Inmate Locator, FEDERAL BUREAU OF PRISONS, https://www.bop.gov/inmateloc/ (last visited May 10, 2021).
Appointing counsel to help Gray pursue a motion for a sentence reduction is unnecessary. This Court has held that "there is no constitutional right to counsel in a proceeding under 18 U.S.C. § 3582(c)." United States v. Kirby, 2021 WL 134601, at *3 (E.D. Ky. Jan. 13, 2021) (citing United States v. Bruner, 2017 WL 1060434, at *2 (E.D. Ky. March 21, 2017)). Here, Gray has made no argument in support of his request for counsel, and he has raised the issues in a clear manner that allegedly entitle him to relief. Accordingly, appointment of counsel is unnecessary and would be a waste of resources.
When Gray last moved to reduce his sentence, the Court advised him that he "must satisfy the 'three substantive requirements for granting relief' contained in 18 U.S.C. § 3582(c)(1)(A)." [Record No. 39, p. 2 (quoting United States v. Ruffin, 978 F.3d 1000, 1004 (6th Cir. 2020))] They included: (1) that extraordinary and compelling reasons warrant a reduction; (2) that a reduction would be "consistent with applicable policy statements issued by the Sentencing Commission"; and (3) that the factors listed in 18 U.S.C. § 3553(a) support a reduction. Id. at 1004-06. At the time, the Court routinely looked to the policy statements contained in United States Sentencing Guidelines § 1B1.13 to define "extraordinary and compelling reasons" for a sentence reduction. Gray's motion was denied, but the Court instructed him that any future filing should support his allegations with documentation. [Record No. 39]
A prisoner must also exhaust his or her administrative remedies before bringing a motion for a sentence reduction. Specifically, a motion may not be brought until "after the defendant has fully exhausted all administrative rights to appeal a failure of the Bureau of Prisons to bring a motion on the defendant's behalf or the lapse of 30 days from the receipt of such a request by the warden of the defendant's facility, whichever is earlier." 18 U.S.C.A. § 3582(c)(1)(A). Despite the Court's prior suggestions, Gray provides no indication that he complied with this requirement. Nevertheless, the exhaustion requirement is not jurisdictional, and it only precludes consideration of a motion when a party raises it. United States v. Alam, 960 F.3d 831, 833 (6th Cir. 2020); Jones, 980 F.3d at 1102 n.5 (Where a party has not raised exhaustion, a court "can proceed with the understanding that" it is satisfied).
Between then and now, the Sixth Circuit has expanded on this framework in a series of cases. Most importantly, it has instructed district courts to "define 'extraordinary and compelling' on their own initiative," without constraining their analysis to the policy statements contained in § 1B1.13. United States v. Elias, 984 F.3d 516, 519-20 (6th Cir. 2021); see also United States v.

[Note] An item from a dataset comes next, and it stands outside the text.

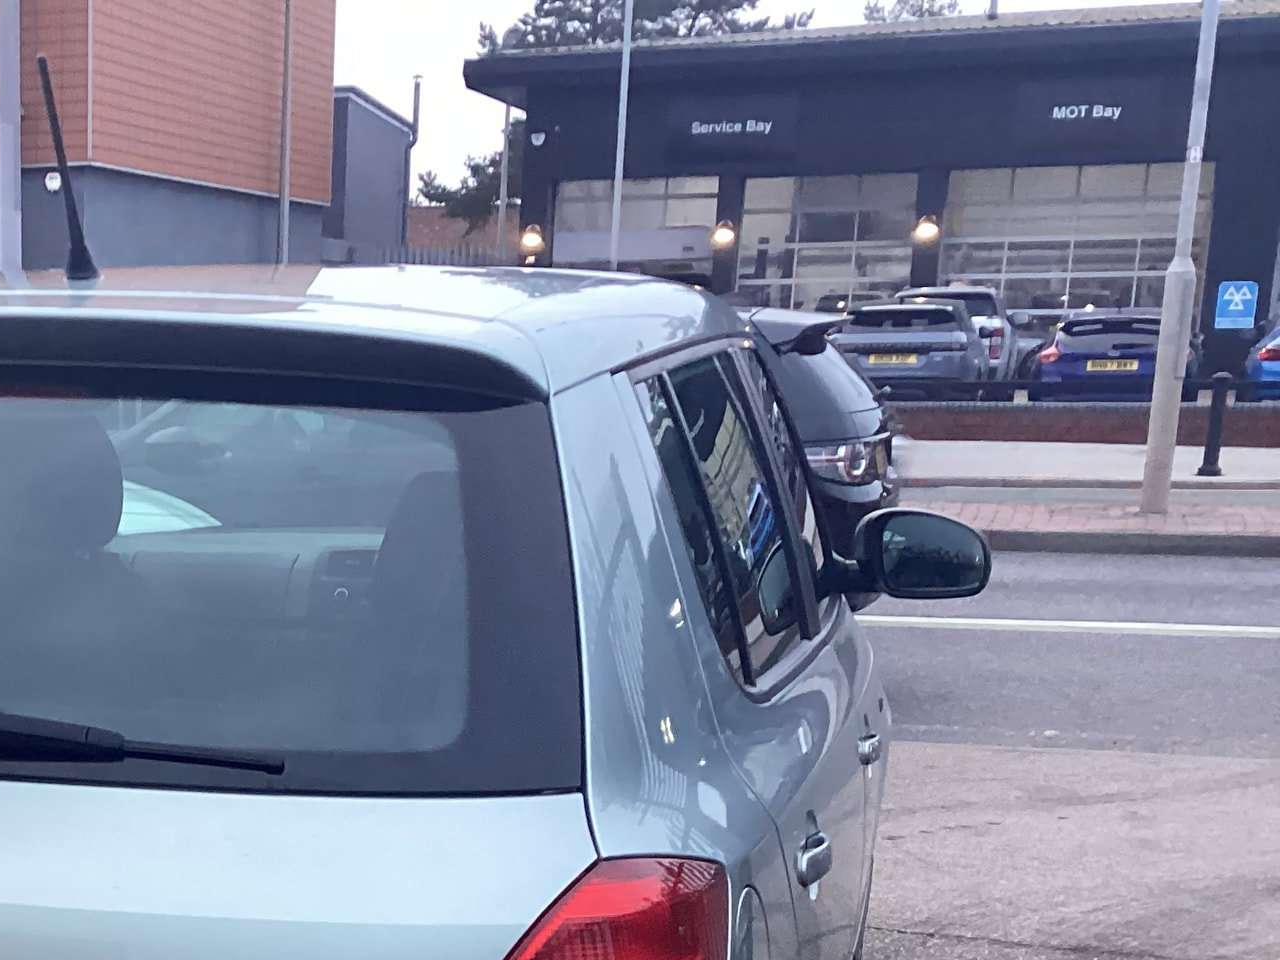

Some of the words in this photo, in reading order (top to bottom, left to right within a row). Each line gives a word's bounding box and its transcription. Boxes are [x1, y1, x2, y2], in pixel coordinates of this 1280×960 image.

[1052, 105, 1089, 119] MOT
[1092, 104, 1122, 120] Bay
[691, 121, 742, 135] Service
[746, 119, 773, 135] Bay

Tomes, 990 F.3d 500, 503 (6th Cir. 2021) (District courts defining extraordinary and compelling "may look to § 1B1.13 as relevant, even if no longer binding."). Similarly, the second requirement is excused where a prisoner files a motion for a sentence reduction because § 1B1.13 is not an applicable policy statement to prisoner-filed motions for sentence reductions. United States v. Jones, 980 F.3d 1098, 1109 (6th Cir. 2020). Finally, the Sixth Circuit has made clear that a district court should deny a sentence reduction where "any of the three prerequisites listed in § 3582(c)(1)(A) is lacking . . . ." Elias, 984 F.3d at 519.
Gray has failed to demonstrate that extraordinary and compelling reasons support a sentence reduction. He relies only on a number of medical conditions that allegedly place him at a great risk of severe COVID-19 infection. Gray states that he suffers from "chronic asthma, high blood pressure, high cholesterol, and [he is] a minority." [Record No. 43, p. 1] No documentation has been provided to corroborate these medical conditions, and the Court could deny the motion "on this basis." Elias, 984 F.3d at 520. But even taking Gray's allegations as true, the Court does not find that these conditions constitute extraordinary and compelling reasons for a sentence reduction.

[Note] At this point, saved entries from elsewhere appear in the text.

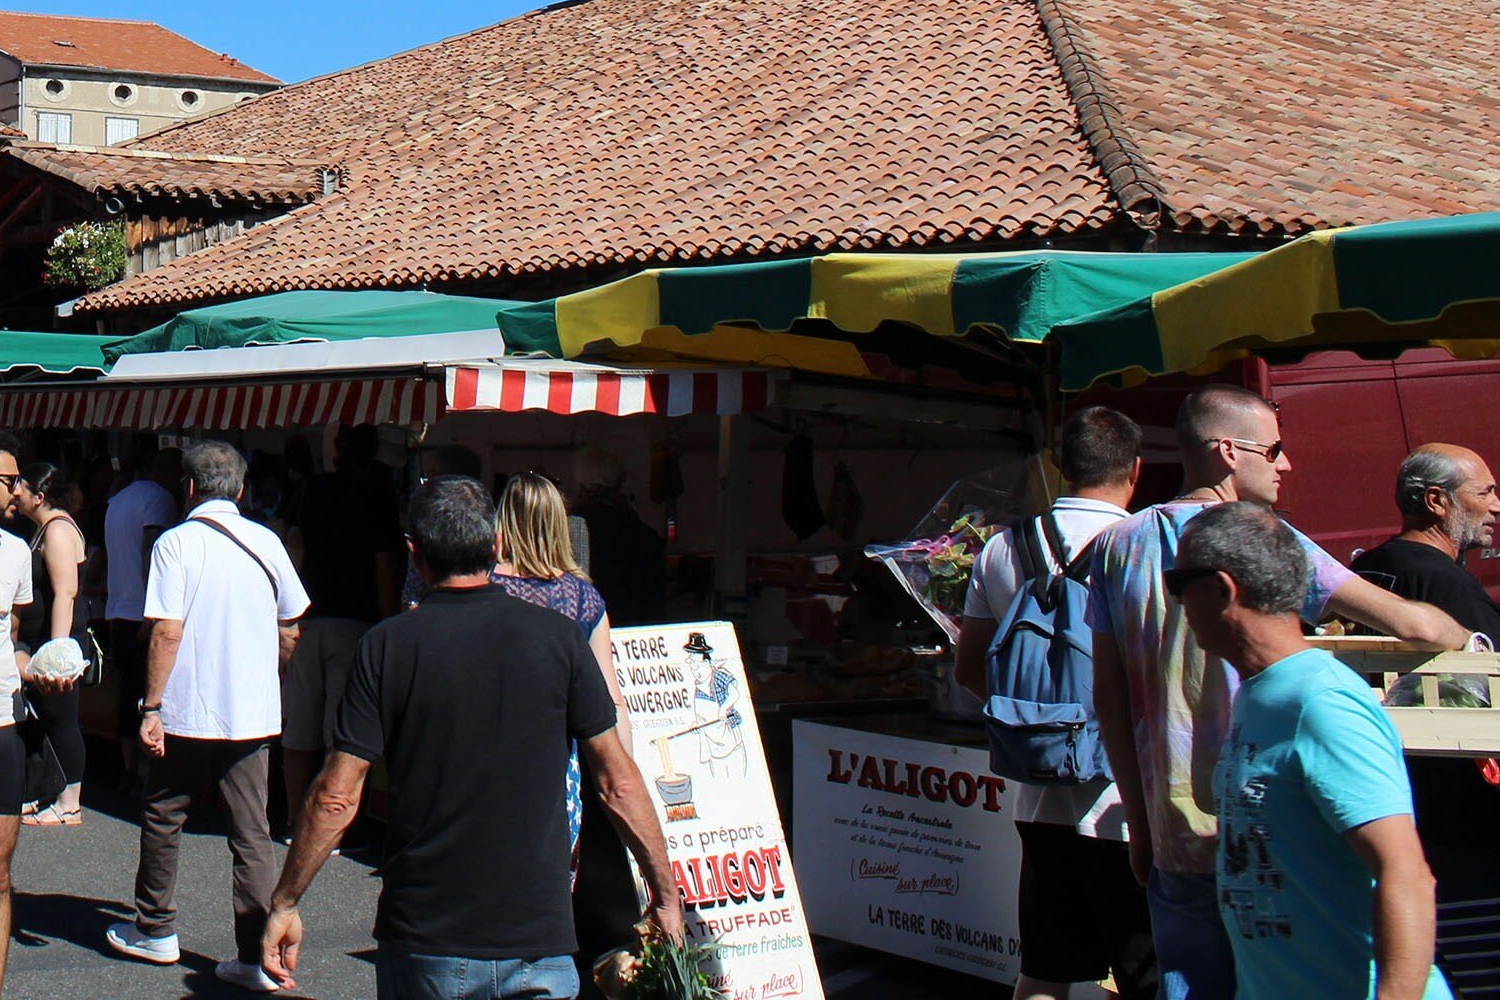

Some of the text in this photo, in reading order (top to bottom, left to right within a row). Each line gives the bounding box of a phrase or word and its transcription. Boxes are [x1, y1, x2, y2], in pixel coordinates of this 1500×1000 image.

[611, 636, 668, 662] A TERRE
[616, 664, 684, 687] S VOLCANS
[827, 749, 1007, 812] L'ALIGOT
[683, 833, 694, 848] a
[666, 845, 786, 911] ALIGOT
[896, 877, 918, 891] sur
[684, 923, 695, 938] A
[868, 904, 884, 926] LA
[888, 908, 926, 935] TERRE
[931, 919, 952, 941] DES
[955, 922, 1004, 954] VOLCANS

In exercising its discretion to define extraordinary and compelling reasons for a sentence reduction, this Court looks to the policy statements' definition as a useful starting point. A prisoner's medical conditions may justify a reduction where he or she is suffering from a terminal illness, or "a serious physical or medical condition . . . that substantially diminishes the ability of the defendant to provide self-care within the environment of a correctional facility and from which he or she is not expected to recover." U.S.S.G. § 1B1.13 cmt. n.1(A)(i)-(ii). Gray's common, treatable conditions do not meet this definition. Nor does the threat of COVID-19 infection justify expanding the definition of extraordinary and compelling reasons such that ordinary illnesses would require a sentence reduction. Additionally, levels of transmission of the virus have plummeted nationally and at Beckley FCI, Gray's facility of incarceration. And among an inmate population of 1,565, nearly two-thirds (936) are fully inoculated against the virus. Therefore, Gray has failed to demonstrate that extraordinary and compelling reasons support reducing his sentence.

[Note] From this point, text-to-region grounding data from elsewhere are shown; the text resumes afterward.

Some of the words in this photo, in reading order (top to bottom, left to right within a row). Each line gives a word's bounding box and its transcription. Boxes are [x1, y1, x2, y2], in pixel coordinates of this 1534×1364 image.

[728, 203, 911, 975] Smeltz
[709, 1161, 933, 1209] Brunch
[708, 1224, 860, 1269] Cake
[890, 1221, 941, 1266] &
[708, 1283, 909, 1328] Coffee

Currently, there is one active case of inmate infection and one active case of staff infection at Beckley FCI. See COVID-19, FEDERAL BUREAU OF PRISONS, https://www.bop.gov/coronavirus/ (last updated May 10, 2021).
See id.; FCI Beckley, FEDERAL BUREAU OF PRISONS, https://www.bop.gov/locations/institutions/bec/ (last visited May 11, 2021). --------
But even if there were good reasons to reduce Gray's sentence, the factors listed in § 3553(a) do not support a reduction. This statutory section generally requires a Court to impose a sentence sufficient, but not greater than necessary to reflect a "vast terrain of sentencing factors, such as the nature of the offense, the characteristics of the defendant, and numerous penological objectives." Jones, 980 F.3d at 1114.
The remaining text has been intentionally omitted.